TASK DETAILS
Word for word, repeat everything in the records below except the pictures.

___

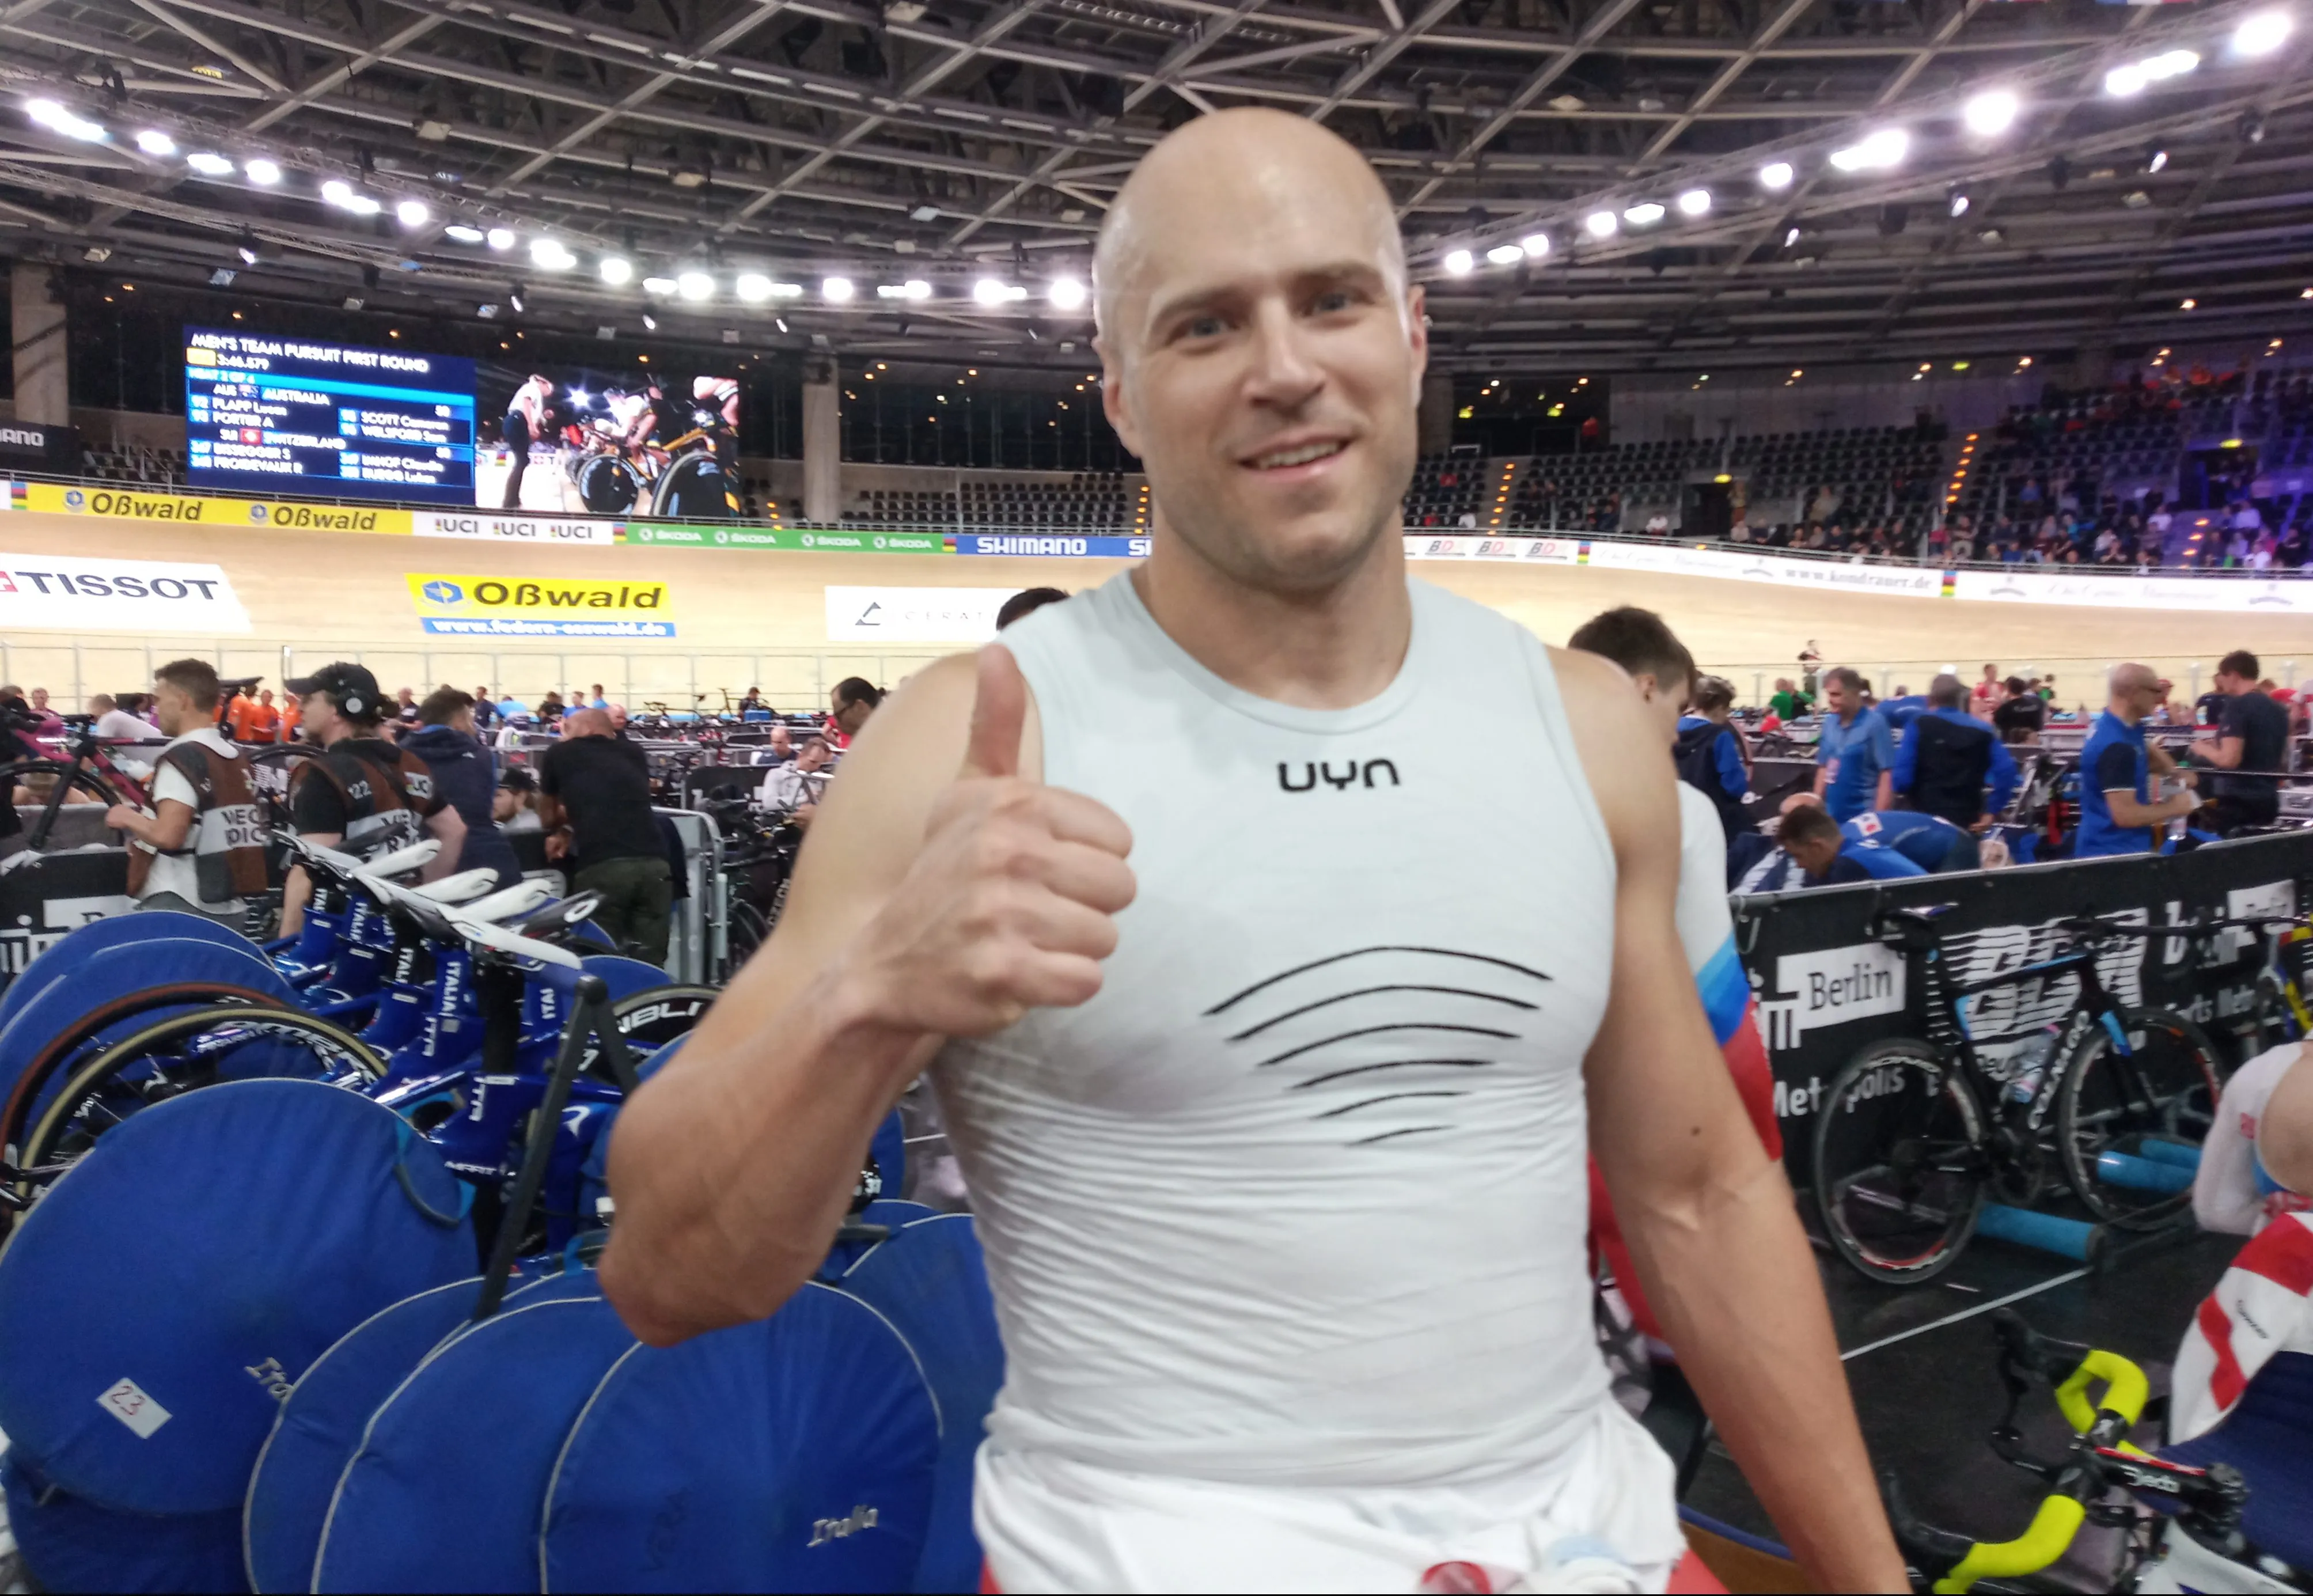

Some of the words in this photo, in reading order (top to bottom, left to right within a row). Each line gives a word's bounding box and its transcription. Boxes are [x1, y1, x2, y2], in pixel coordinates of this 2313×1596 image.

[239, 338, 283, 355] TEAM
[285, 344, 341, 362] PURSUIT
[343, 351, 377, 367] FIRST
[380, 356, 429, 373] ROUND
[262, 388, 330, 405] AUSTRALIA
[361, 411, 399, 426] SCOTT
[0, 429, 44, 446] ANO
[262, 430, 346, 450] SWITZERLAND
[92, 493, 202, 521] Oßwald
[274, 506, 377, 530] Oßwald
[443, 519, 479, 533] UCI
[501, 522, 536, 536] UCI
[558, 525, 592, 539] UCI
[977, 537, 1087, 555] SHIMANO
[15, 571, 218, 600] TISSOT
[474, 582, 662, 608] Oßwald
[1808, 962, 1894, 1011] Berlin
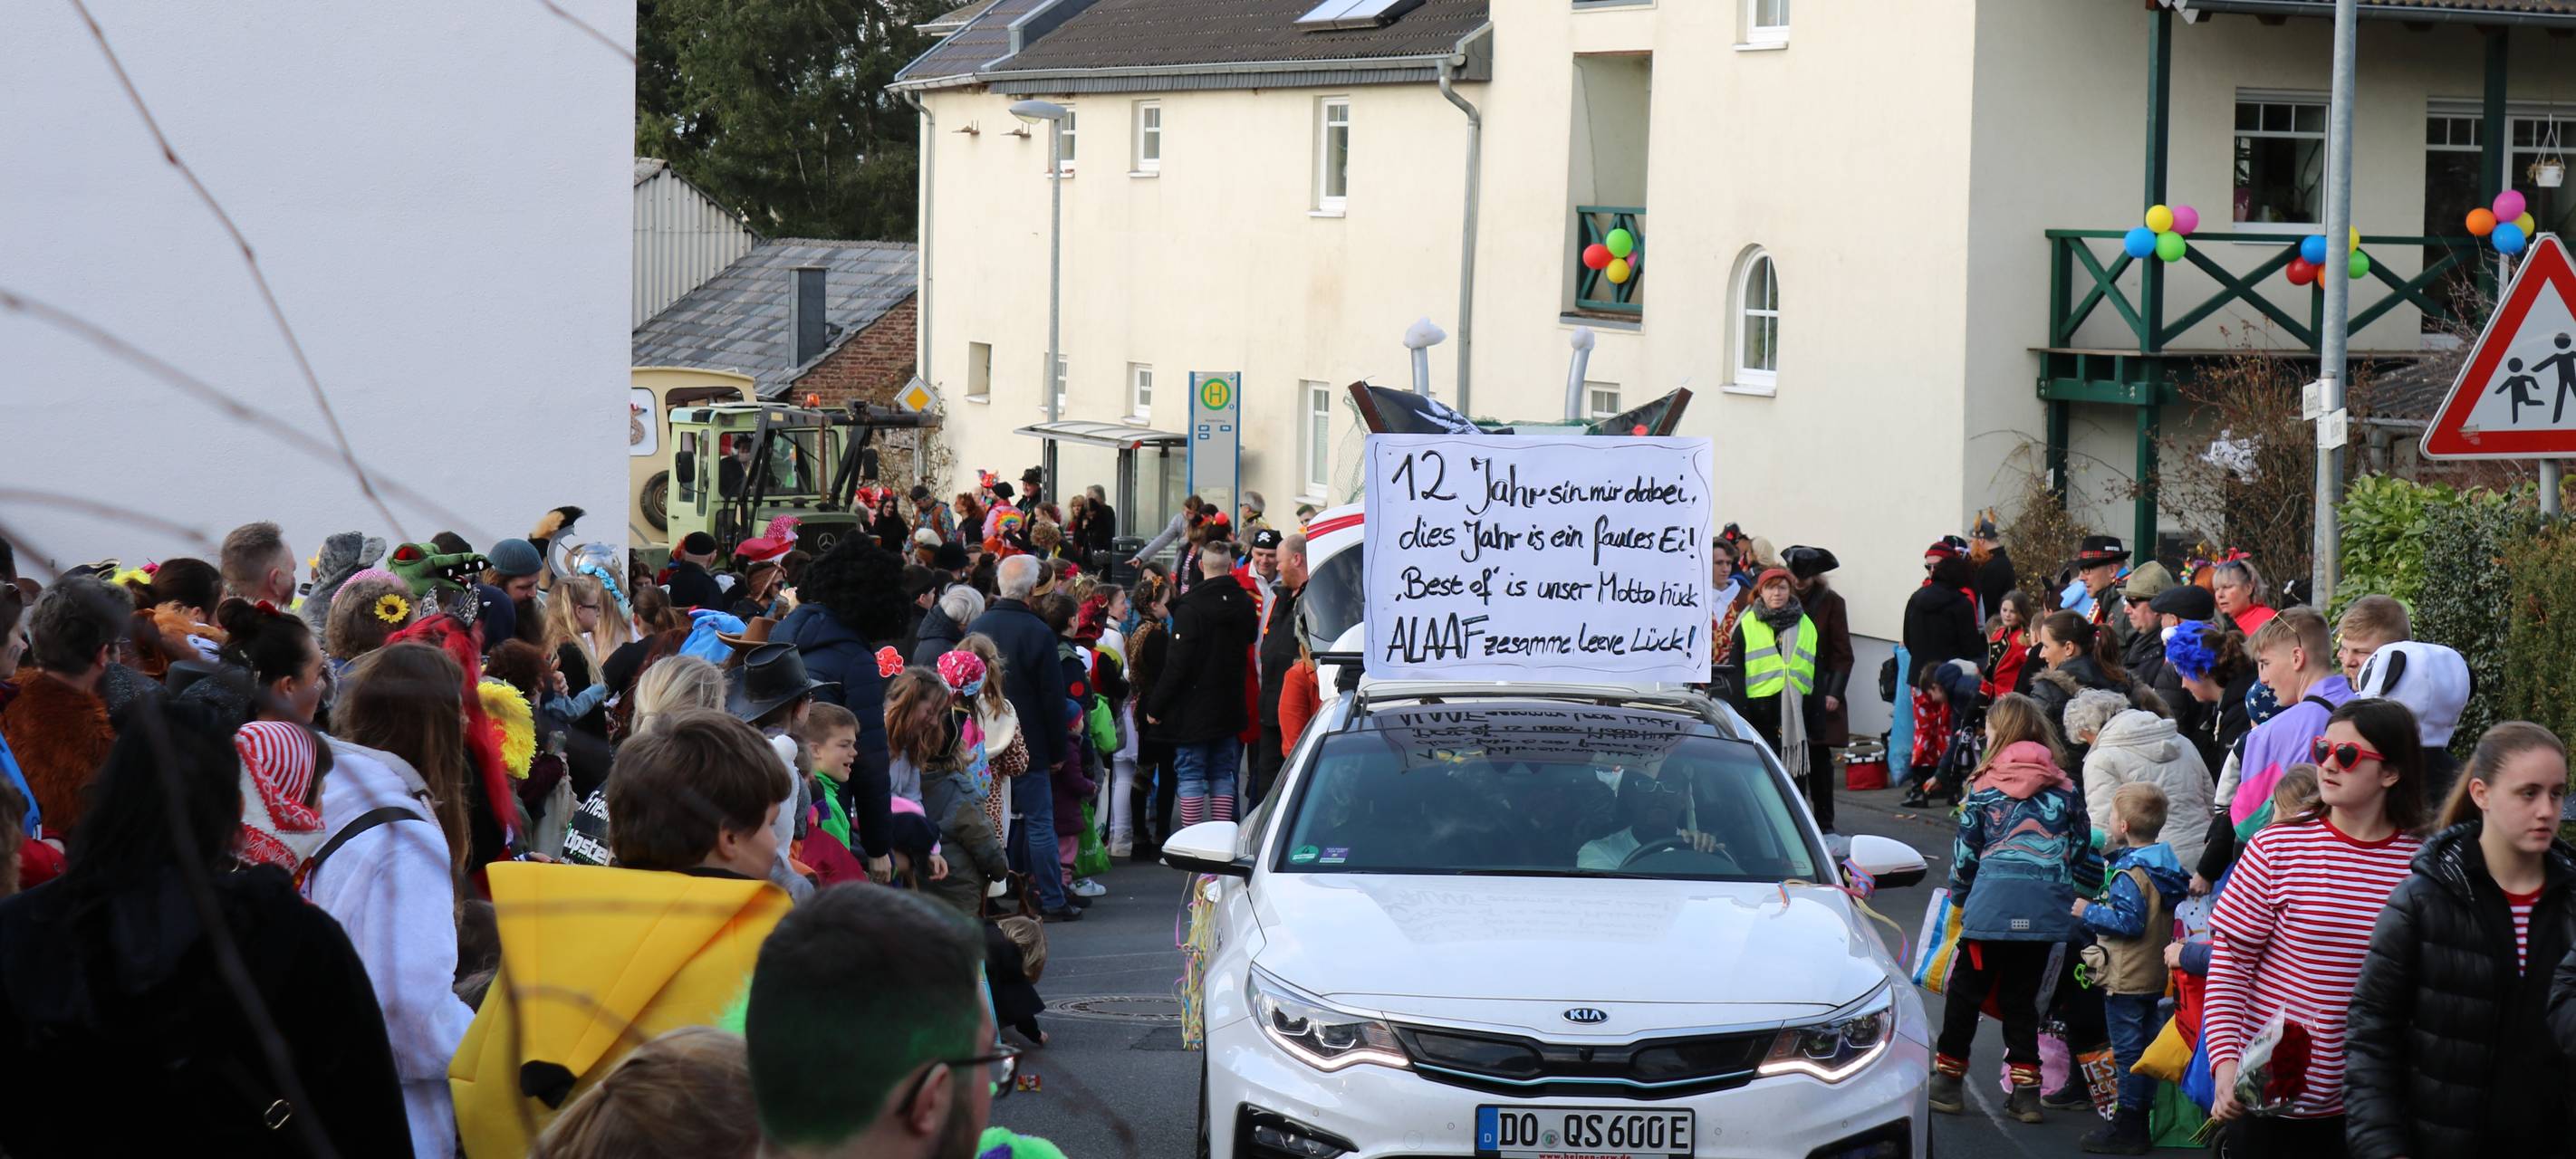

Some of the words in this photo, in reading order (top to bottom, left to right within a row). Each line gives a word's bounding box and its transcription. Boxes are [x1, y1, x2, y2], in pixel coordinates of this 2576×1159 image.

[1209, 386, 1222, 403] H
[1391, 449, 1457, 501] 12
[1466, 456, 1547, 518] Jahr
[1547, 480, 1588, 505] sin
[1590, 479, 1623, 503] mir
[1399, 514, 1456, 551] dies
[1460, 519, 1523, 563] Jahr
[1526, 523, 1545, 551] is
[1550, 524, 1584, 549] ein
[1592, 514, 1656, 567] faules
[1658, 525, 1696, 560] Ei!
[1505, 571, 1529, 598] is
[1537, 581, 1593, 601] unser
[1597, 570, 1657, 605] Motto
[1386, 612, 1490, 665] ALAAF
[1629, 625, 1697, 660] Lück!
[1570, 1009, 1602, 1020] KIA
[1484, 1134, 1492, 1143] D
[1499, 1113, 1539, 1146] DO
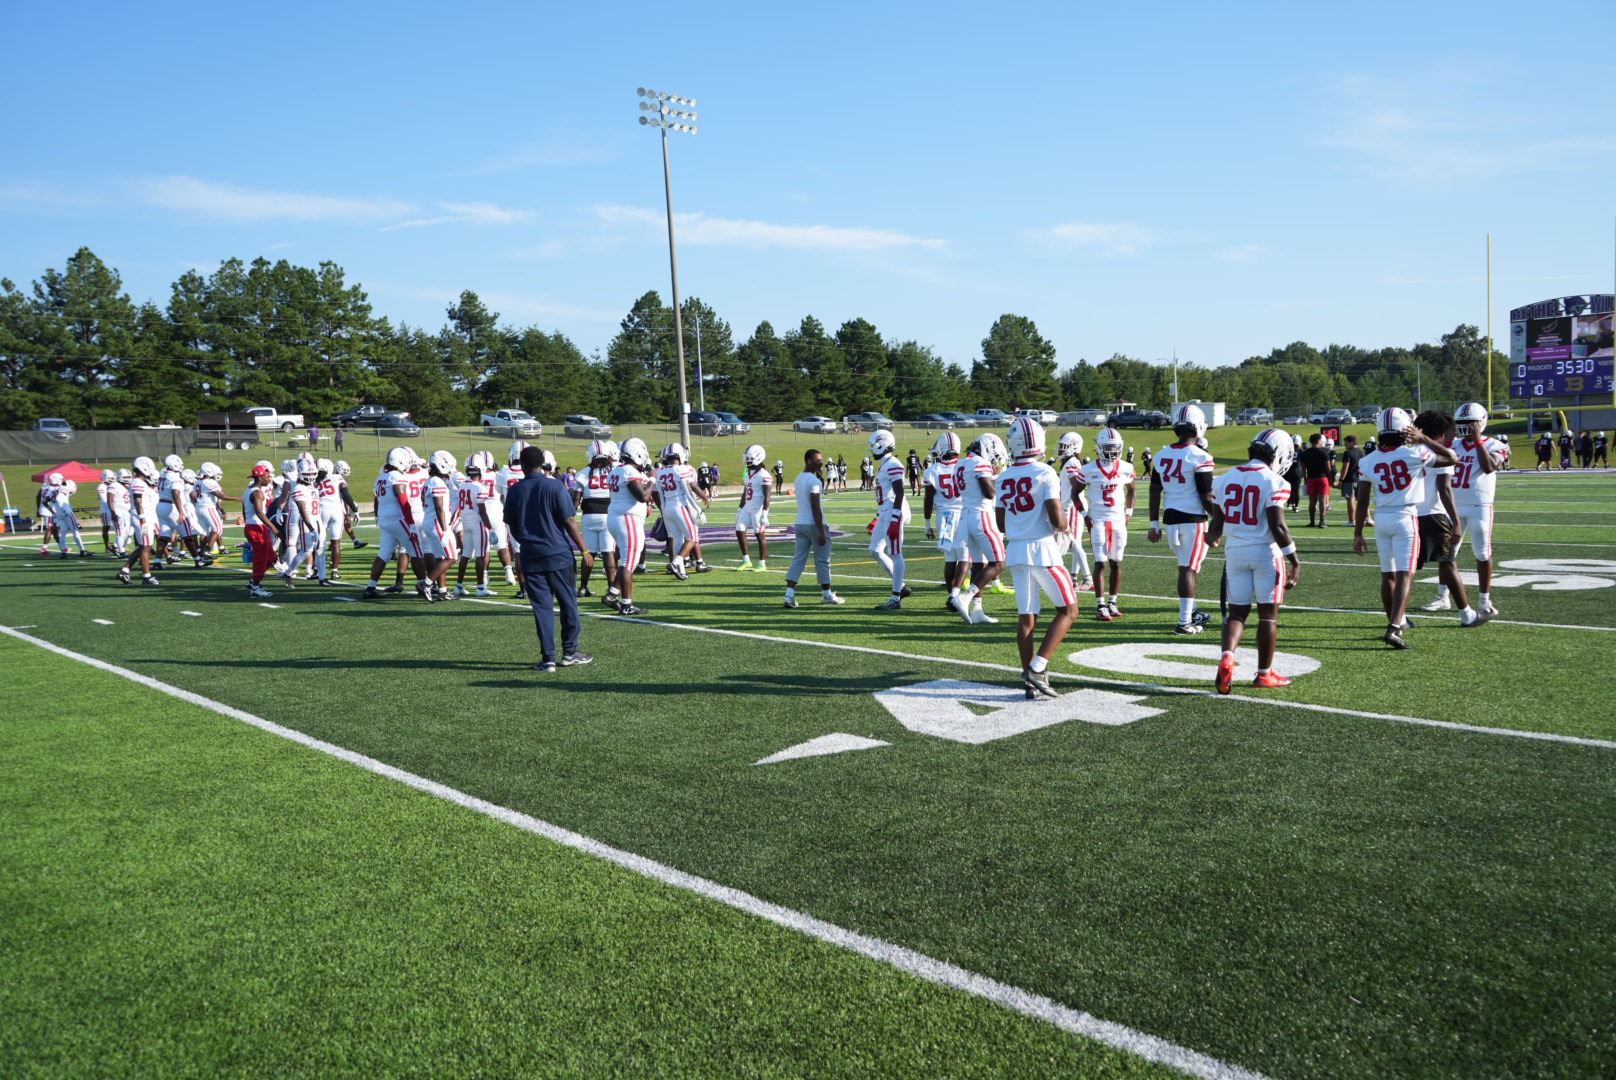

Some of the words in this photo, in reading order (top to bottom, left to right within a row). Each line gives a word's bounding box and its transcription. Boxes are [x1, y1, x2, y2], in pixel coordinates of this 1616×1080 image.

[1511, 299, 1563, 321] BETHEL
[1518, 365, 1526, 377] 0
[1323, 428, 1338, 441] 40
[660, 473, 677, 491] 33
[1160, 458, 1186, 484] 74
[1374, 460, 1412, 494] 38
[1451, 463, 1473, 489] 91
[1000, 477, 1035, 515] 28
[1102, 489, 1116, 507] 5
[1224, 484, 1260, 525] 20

___

ANSWER FOR THIS EXERCISE
Some of the words in this photo, in reading order (top to bottom, left to right within a row). Each line gives a word's bounding box and its transcription. Boxes are [x1, y1, x2, y2], in pixel coordinates of this 2313×1596 image.

[239, 338, 283, 355] TEAM
[285, 344, 341, 362] PURSUIT
[343, 351, 377, 367] FIRST
[380, 356, 429, 373] ROUND
[262, 388, 330, 405] AUSTRALIA
[361, 411, 399, 426] SCOTT
[0, 429, 44, 446] ANO
[262, 430, 346, 450] SWITZERLAND
[92, 493, 202, 521] Oßwald
[274, 506, 377, 530] Oßwald
[443, 519, 479, 533] UCI
[501, 522, 536, 536] UCI
[558, 525, 592, 539] UCI
[977, 537, 1087, 555] SHIMANO
[15, 571, 218, 600] TISSOT
[474, 582, 662, 608] Oßwald
[1808, 962, 1894, 1011] Berlin

Some of the words in this photo, in reading order (top to bottom, left to right within a row). Each line gives a word's bounding box and its transcription. Boxes are [x1, y1, x2, y2], in pixel coordinates of this 2576×1159 image.

[1209, 386, 1222, 403] H
[1391, 449, 1457, 501] 12
[1466, 456, 1547, 518] Jahr
[1547, 480, 1588, 505] sin
[1590, 479, 1623, 503] mir
[1399, 514, 1456, 551] dies
[1460, 519, 1523, 563] Jahr
[1526, 523, 1545, 551] is
[1550, 524, 1584, 549] ein
[1592, 514, 1656, 567] faules
[1658, 525, 1696, 560] Ei!
[1505, 571, 1529, 598] is
[1537, 581, 1593, 601] unser
[1597, 570, 1657, 605] Motto
[1386, 612, 1490, 665] ALAAF
[1629, 625, 1697, 660] Lück!
[1570, 1009, 1602, 1020] KIA
[1484, 1134, 1492, 1143] D
[1499, 1113, 1539, 1146] DO

Some of the words in this photo, in reading order (top to bottom, left to right within a row). Each line gives a word's bounding box and its transcription. Boxes are [x1, y1, x2, y2], in pixel coordinates of this 1616×1080 image.

[1511, 299, 1563, 321] BETHEL
[1518, 365, 1526, 377] 0
[1323, 428, 1338, 441] 40
[660, 473, 677, 491] 33
[1160, 458, 1186, 484] 74
[1374, 460, 1412, 494] 38
[1451, 463, 1473, 489] 91
[1000, 477, 1035, 515] 28
[1102, 489, 1116, 507] 5
[1224, 484, 1260, 525] 20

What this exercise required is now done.